De rechtbank oordeelde dat de verklaringen van de verdachte en haar medeverdachte niet geloofwaardig waren. De hennepkwekerij was aangetroffen in de kelder van hun woning, en er waren sterke aanwijzingen dat zij zelf verantwoordelijk waren voor de teelt. De rechtbank achtte het primair ten laste gelegde feit bewezen, namelijk het medeplegen van het telen van hennepplanten op 14 december 2021. De verdachte werd vrijgesproken van andere tenlastegelegde feiten.

Wat betreft de strafbaarheid oordeelde de rechtbank dat er geen feiten of omstandigheden waren die de strafbaarheid van de verdachte uitsloten. De officier van justitie had een taakstraf van 120 uren geëist, maar de rechtbank legde een taakstraf van 120 uren op, met een voorwaardelijke gevangenisstraf van één maand. De rechtbank overwoog dat de verdachte samen met haar echtgenoot in hun woning hennepplanten had geteeld, wat schadelijk is voor de volksgezondheid en bijdraagt aan criminaliteit. De verdachte had geen verantwoordelijkheid genomen voor haar daden, wat de rechtbank als zorgwekkend beschouwde.
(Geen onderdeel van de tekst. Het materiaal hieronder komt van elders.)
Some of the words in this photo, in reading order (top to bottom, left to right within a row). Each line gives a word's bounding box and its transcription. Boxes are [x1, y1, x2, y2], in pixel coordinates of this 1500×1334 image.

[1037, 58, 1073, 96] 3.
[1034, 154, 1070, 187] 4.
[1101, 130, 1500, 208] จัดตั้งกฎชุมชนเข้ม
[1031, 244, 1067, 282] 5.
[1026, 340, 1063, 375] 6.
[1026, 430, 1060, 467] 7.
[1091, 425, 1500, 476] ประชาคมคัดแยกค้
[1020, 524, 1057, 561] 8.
De uitspraak werd gedaan op 6 november 2023.

Uitspraak

RECHTBANK LIMBURG

Zittingsplaats Maastricht
Strafrecht
Parketnummer : 03.041139.23
Tegenspraak
Vonnis van de meervoudige kamer d.d. 6 november 2023
in de strafzaak tegen
[verdachte] ,
geboren te [geboorteplaats] , op [geboortedatum] 1964,
wonende te [adresgegevens verdachte] .
De verdachte wordt bijgestaan door mr. R.W.P. Krijnen, advocaat, kantoorhoudende te Geleen.

1.Onderzoek van de zaak

De zaak is inhoudelijk behandeld op de zitting van 23 oktober 2023. De verdachte en haar raadsman zijn verschenen. De officier van justitie en de verdediging hebben hun standpunten kenbaar gemaakt.
Deze zaak is gelijktijdig behandeld met de strafzaak tegen medeverdachte [medeverdachte] met het parketnummer 03.342479.21.

2.De tenlastelegging

De tenlastelegging is als bijlage aan dit vonnis gehecht.
De verdenking komt er, kort en feitelijk weergegeven, op neer dat de verdachte al dan niet samen met een ander of anderen 263 hennepplanten heeft geteeld, althans aanwezig heeft gehad. Subsidiair is dit ten laste gelegd als medeplichtigheid.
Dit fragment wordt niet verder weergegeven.